Did you know that findContours function finds white contours on black background?
Just do bitwise_not (or analogue in JavaCV) to your image and after this apply findContours. This is actually fix to your problem.
No need for third party libraries! What you are looking for can be achieved in OpenCV using a technique known as bounding box:
The trick is to use cvFindContours() to retrieve the contours and then cvApproxPoly() to improve the result. Notice that you'll have to invert the colors of the input image using cvNot() because cvFindContours() search for white contours.

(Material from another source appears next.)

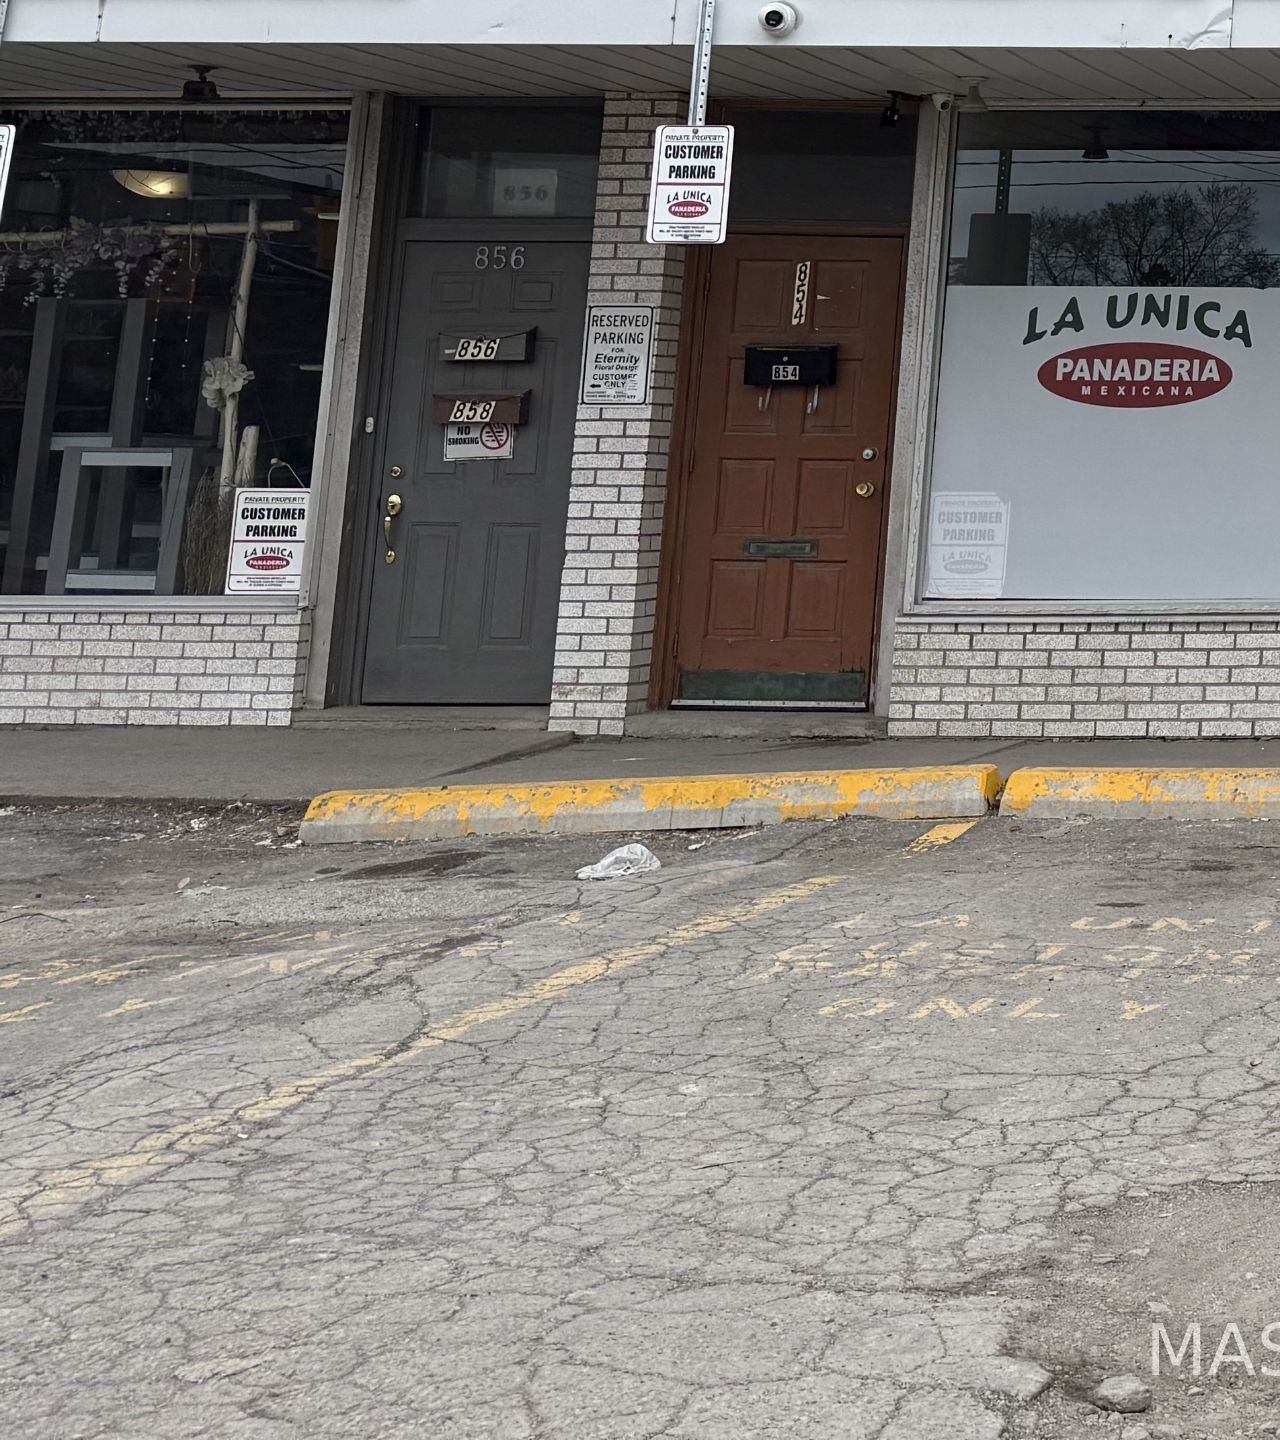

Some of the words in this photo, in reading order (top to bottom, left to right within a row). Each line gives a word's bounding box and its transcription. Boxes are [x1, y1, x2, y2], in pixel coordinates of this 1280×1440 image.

There's a nice introduction to contours in this post.
There's a Java demo that implements a version of the bounding box to detect car number plates.
By the way cvMinEnclosingCircle() returns the center of the circle as CvPoint2D32f.
cvFindContours is the right solution to your problem.
And I have verified that it works on your images.
You have System.out.println inside, what's the output?
cvFindContours could be tricky to use, I have wrapped it into a more general C++ function. Also I use a class called vBlob to describe an object cvFindContours detects. From what I see from your java code, java version API is very similar to C/C++ version. So it won't be hard to rewrite it.
ps. Astor gave the right answer.
I m using c++ api but I think there should also be some function in javacv named drawContours or cvDrawContours which uses the output of findContours.